EXERCISE AIM: Exact copy, no pictures: output each line below as it stands.

DATA FOR THIS EXERCISE:

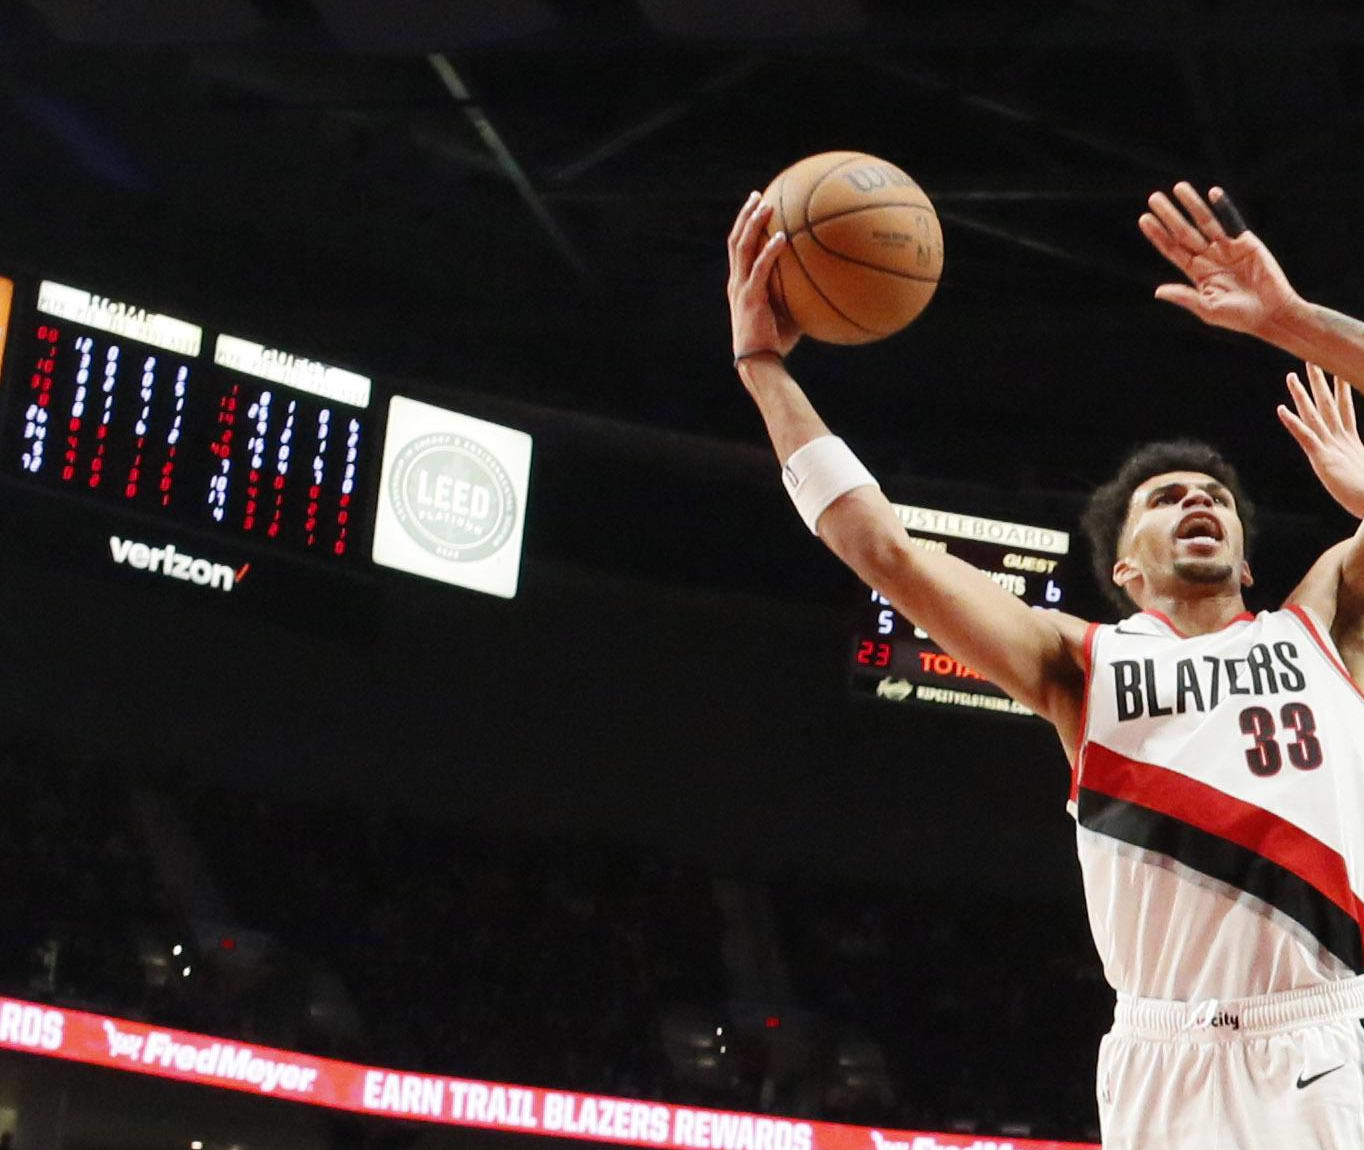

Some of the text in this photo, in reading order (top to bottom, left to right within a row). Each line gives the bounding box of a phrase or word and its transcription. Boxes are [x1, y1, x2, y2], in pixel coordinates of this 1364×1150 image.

[417, 469, 490, 520] LEED
[109, 536, 236, 591] verizon
[1003, 553, 1058, 573] GUEST
[1045, 580, 1061, 602] 6
[877, 610, 894, 634] 5
[857, 640, 891, 666] 23
[1110, 641, 1306, 722] BLAZERS
[1239, 701, 1325, 778] 33
[363, 1070, 443, 1116] EARN
[450, 1080, 537, 1128] TRAIL
[543, 1092, 670, 1142] BLAZERS

RESPONSE BELOW:
Some of the text in this photo, in reading order (top to bottom, left to right within a row). Each line gives the bounding box of a phrase or word and its transcription. Boxes are [x1, y1, x2, y2], in pixel coordinates of this 1364×1150 image.

[417, 469, 490, 520] LEED
[109, 536, 236, 591] verizon
[1003, 553, 1058, 573] GUEST
[1045, 580, 1061, 602] 6
[877, 610, 894, 634] 5
[857, 640, 891, 666] 23
[1110, 641, 1306, 722] BLAZERS
[1239, 701, 1325, 778] 33
[363, 1070, 443, 1116] EARN
[450, 1080, 537, 1128] TRAIL
[543, 1092, 670, 1142] BLAZERS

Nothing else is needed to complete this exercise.